== Your instructions ==
Each line below is to be written out once more, precisely as given.

== Data records ==
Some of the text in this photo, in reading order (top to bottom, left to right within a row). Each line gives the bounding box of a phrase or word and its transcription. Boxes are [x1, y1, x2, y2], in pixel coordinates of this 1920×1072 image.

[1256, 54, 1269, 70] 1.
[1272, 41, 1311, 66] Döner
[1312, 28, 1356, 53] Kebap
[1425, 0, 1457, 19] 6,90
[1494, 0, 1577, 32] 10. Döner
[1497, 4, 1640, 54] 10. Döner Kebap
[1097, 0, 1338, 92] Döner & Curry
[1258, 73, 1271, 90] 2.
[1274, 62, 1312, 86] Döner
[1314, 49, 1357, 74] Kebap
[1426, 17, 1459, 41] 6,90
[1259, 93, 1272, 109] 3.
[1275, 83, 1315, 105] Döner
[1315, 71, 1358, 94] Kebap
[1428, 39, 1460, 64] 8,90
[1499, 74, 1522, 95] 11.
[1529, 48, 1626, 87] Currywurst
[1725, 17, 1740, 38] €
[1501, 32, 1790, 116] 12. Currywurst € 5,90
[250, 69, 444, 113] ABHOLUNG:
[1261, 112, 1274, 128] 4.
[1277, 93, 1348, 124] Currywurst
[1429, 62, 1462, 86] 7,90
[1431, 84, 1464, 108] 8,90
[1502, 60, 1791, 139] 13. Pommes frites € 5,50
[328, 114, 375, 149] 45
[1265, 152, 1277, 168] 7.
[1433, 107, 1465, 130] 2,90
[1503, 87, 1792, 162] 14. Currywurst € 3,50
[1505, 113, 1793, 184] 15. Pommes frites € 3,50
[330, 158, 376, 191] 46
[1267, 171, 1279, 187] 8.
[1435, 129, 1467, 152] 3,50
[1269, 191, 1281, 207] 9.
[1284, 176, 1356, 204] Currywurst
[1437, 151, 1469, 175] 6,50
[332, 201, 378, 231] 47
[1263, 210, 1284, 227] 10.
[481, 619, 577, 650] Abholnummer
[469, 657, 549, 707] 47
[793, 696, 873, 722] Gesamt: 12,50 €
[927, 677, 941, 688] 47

== Solution to this exercise ==
Some of the text in this photo, in reading order (top to bottom, left to right within a row). Each line gives the bounding box of a phrase or word and its transcription. Boxes are [x1, y1, x2, y2], in pixel coordinates of this 1920×1072 image.

[1256, 54, 1269, 70] 1.
[1272, 41, 1311, 66] Döner
[1312, 28, 1356, 53] Kebap
[1425, 0, 1457, 19] 6,90
[1494, 0, 1577, 32] 10. Döner
[1497, 4, 1640, 54] 10. Döner Kebap
[1097, 0, 1338, 92] Döner & Curry
[1258, 73, 1271, 90] 2.
[1274, 62, 1312, 86] Döner
[1314, 49, 1357, 74] Kebap
[1426, 17, 1459, 41] 6,90
[1259, 93, 1272, 109] 3.
[1275, 83, 1315, 105] Döner
[1315, 71, 1358, 94] Kebap
[1428, 39, 1460, 64] 8,90
[1499, 74, 1522, 95] 11.
[1529, 48, 1626, 87] Currywurst
[1725, 17, 1740, 38] €
[1501, 32, 1790, 116] 12. Currywurst € 5,90
[250, 69, 444, 113] ABHOLUNG:
[1261, 112, 1274, 128] 4.
[1277, 93, 1348, 124] Currywurst
[1429, 62, 1462, 86] 7,90
[1431, 84, 1464, 108] 8,90
[1502, 60, 1791, 139] 13. Pommes frites € 5,50
[328, 114, 375, 149] 45
[1265, 152, 1277, 168] 7.
[1433, 107, 1465, 130] 2,90
[1503, 87, 1792, 162] 14. Currywurst € 3,50
[1505, 113, 1793, 184] 15. Pommes frites € 3,50
[330, 158, 376, 191] 46
[1267, 171, 1279, 187] 8.
[1435, 129, 1467, 152] 3,50
[1269, 191, 1281, 207] 9.
[1284, 176, 1356, 204] Currywurst
[1437, 151, 1469, 175] 6,50
[332, 201, 378, 231] 47
[1263, 210, 1284, 227] 10.
[481, 619, 577, 650] Abholnummer
[469, 657, 549, 707] 47
[793, 696, 873, 722] Gesamt: 12,50 €
[927, 677, 941, 688] 47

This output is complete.